> Work order
Set down each line of the material that follows, exactly, with no pictures.

> Task material
▽

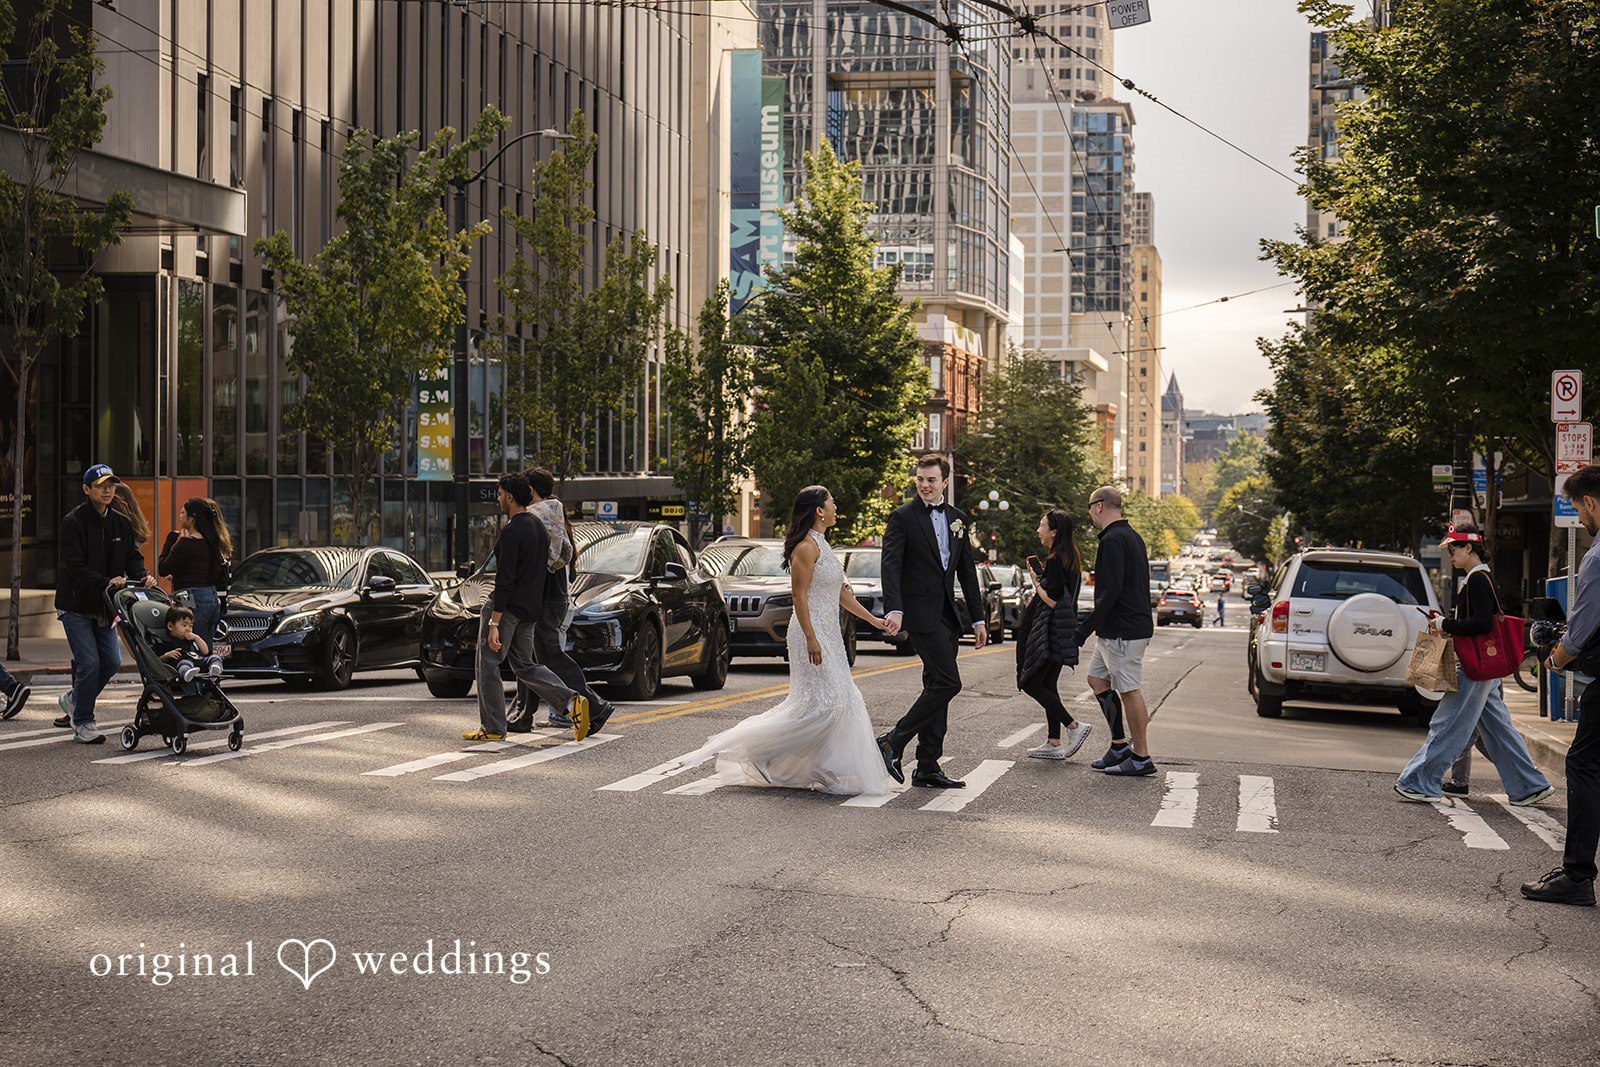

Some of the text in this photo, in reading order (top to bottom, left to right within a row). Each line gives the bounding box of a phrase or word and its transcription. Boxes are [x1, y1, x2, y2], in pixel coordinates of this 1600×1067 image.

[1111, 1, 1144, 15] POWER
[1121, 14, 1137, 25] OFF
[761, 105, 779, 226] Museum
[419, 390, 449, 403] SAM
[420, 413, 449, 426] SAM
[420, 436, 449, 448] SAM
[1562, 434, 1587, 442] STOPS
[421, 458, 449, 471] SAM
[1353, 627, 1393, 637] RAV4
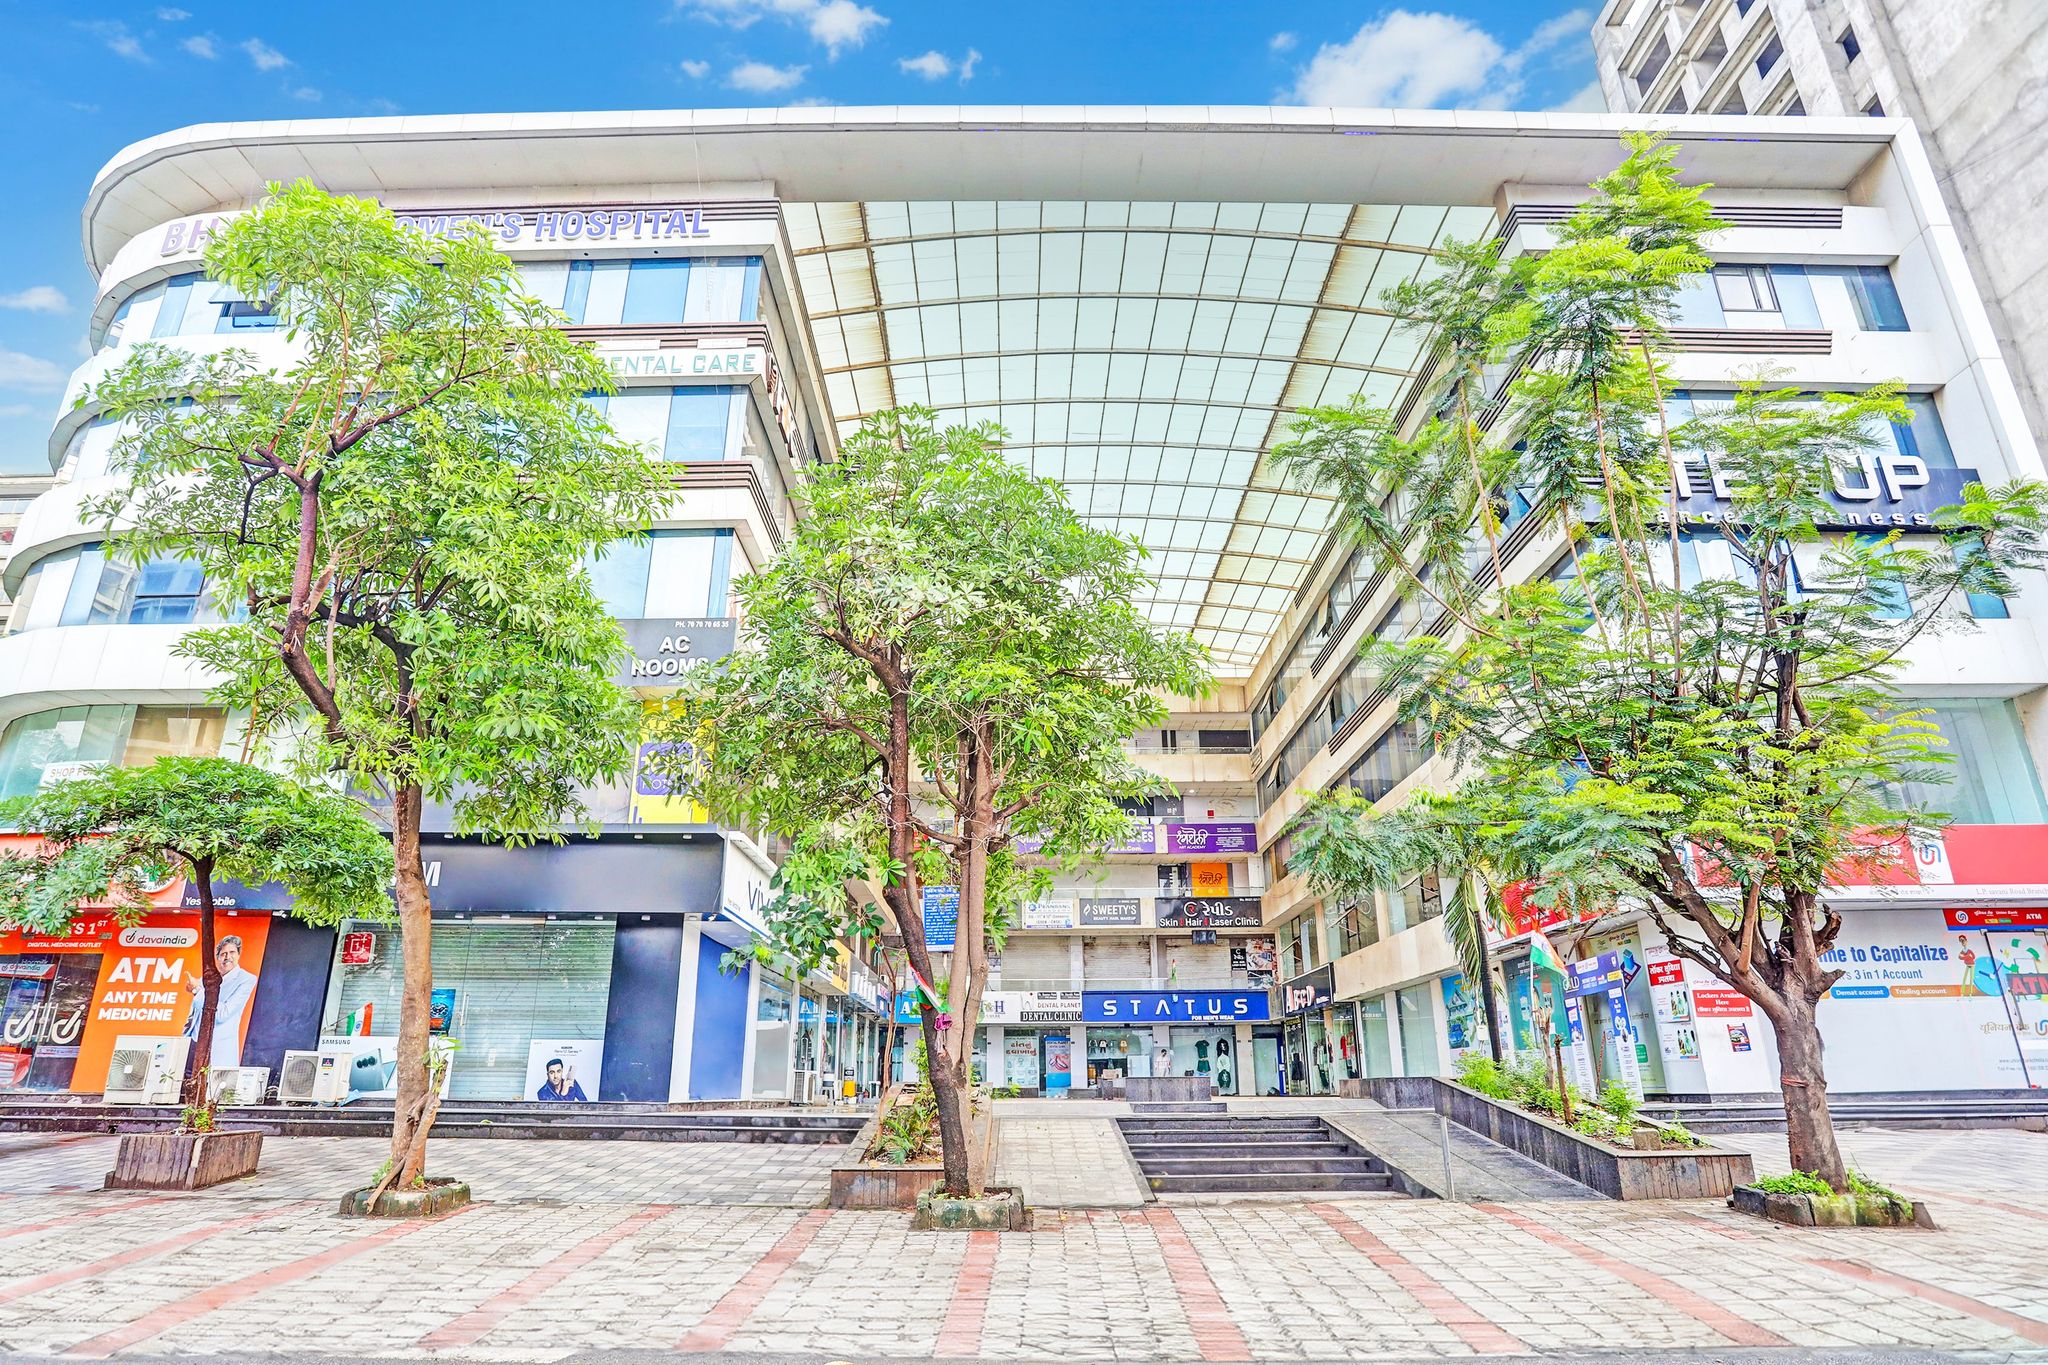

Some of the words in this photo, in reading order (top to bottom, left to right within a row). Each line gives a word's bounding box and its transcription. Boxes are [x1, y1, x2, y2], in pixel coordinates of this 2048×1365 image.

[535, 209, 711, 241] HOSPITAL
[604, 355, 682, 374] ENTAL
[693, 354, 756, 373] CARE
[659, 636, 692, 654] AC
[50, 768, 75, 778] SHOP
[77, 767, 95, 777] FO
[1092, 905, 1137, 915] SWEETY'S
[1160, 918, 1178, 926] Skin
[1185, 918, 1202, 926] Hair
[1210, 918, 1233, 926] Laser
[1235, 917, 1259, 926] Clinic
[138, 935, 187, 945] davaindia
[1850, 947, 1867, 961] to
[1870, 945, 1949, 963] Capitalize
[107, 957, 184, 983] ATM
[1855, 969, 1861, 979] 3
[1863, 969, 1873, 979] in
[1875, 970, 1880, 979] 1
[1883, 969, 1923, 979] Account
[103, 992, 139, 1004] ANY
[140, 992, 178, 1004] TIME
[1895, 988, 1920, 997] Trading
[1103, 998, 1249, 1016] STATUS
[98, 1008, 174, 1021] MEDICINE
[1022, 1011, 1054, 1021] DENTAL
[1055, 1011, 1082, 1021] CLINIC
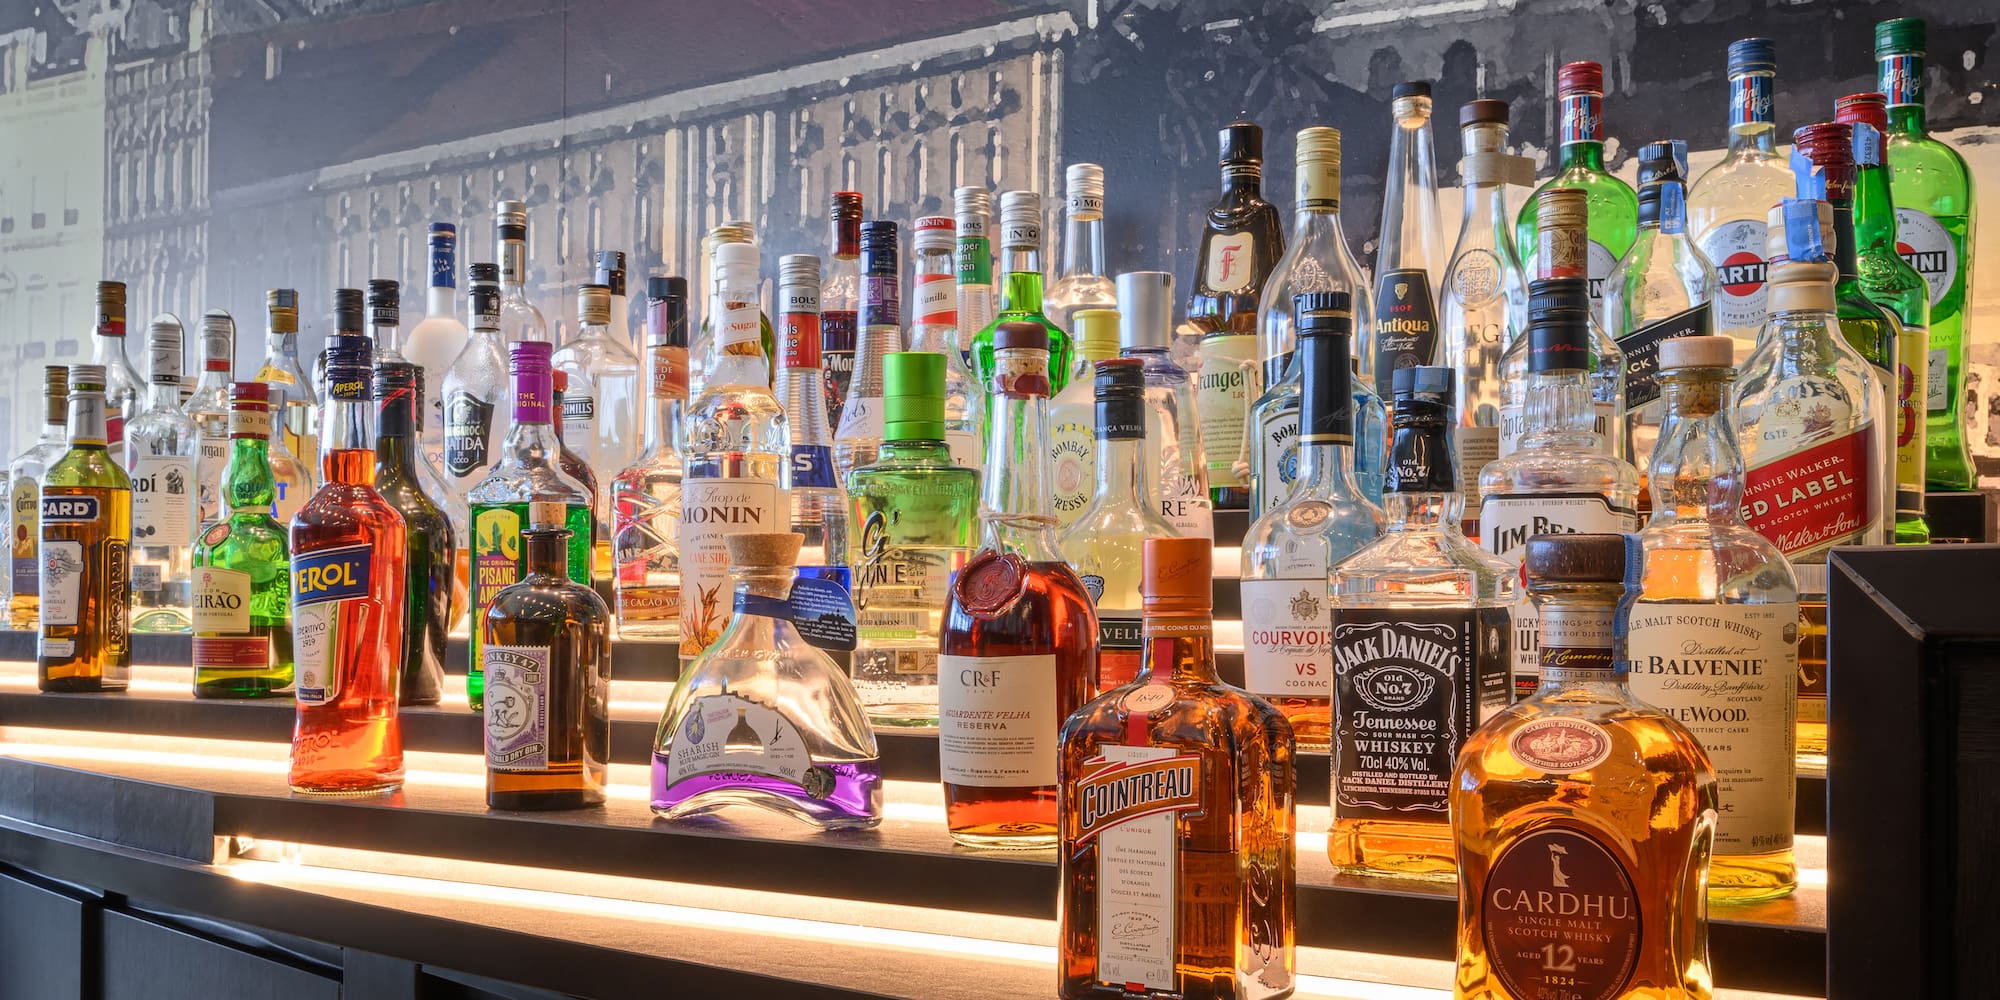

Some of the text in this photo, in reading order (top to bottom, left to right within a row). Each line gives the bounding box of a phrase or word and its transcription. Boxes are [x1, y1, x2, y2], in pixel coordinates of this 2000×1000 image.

△

> Solution to this task
Some of the text in this photo, in reading order (top to bottom, left to right within a row). Each line gives the bounding box of a phrase or word and its transcription. Boxes are [x1, y1, x2, y2], in pixel coordinates of this 1600×1067 image.

[1111, 1, 1144, 15] POWER
[1121, 14, 1137, 25] OFF
[761, 105, 779, 226] Museum
[419, 390, 449, 403] SAM
[420, 413, 449, 426] SAM
[420, 436, 449, 448] SAM
[1562, 434, 1587, 442] STOPS
[421, 458, 449, 471] SAM
[1353, 627, 1393, 637] RAV4

Some of the words in this photo, in reading order (top to bottom, left to right within a row). Each line gives a word's bounding box and its transcription. Boxes are [x1, y1, x2, y2], in pixel coordinates of this 2048×1365 image.

[535, 209, 711, 241] HOSPITAL
[604, 355, 682, 374] ENTAL
[693, 354, 756, 373] CARE
[659, 636, 692, 654] AC
[50, 768, 75, 778] SHOP
[77, 767, 95, 777] FO
[1092, 905, 1137, 915] SWEETY'S
[1160, 918, 1178, 926] Skin
[1185, 918, 1202, 926] Hair
[1210, 918, 1233, 926] Laser
[1235, 917, 1259, 926] Clinic
[138, 935, 187, 945] davaindia
[1850, 947, 1867, 961] to
[1870, 945, 1949, 963] Capitalize
[107, 957, 184, 983] ATM
[1855, 969, 1861, 979] 3
[1863, 969, 1873, 979] in
[1875, 970, 1880, 979] 1
[1883, 969, 1923, 979] Account
[103, 992, 139, 1004] ANY
[140, 992, 178, 1004] TIME
[1895, 988, 1920, 997] Trading
[1103, 998, 1249, 1016] STATUS
[98, 1008, 174, 1021] MEDICINE
[1022, 1011, 1054, 1021] DENTAL
[1055, 1011, 1082, 1021] CLINIC

Some of the text in this photo, in reading order (top to bottom, left to right within a row). Each line gives the bounding box of a phrase or word and its transcription. Boxes are [x1, y1, x2, y2], in pixel coordinates of this 2000×1000 image.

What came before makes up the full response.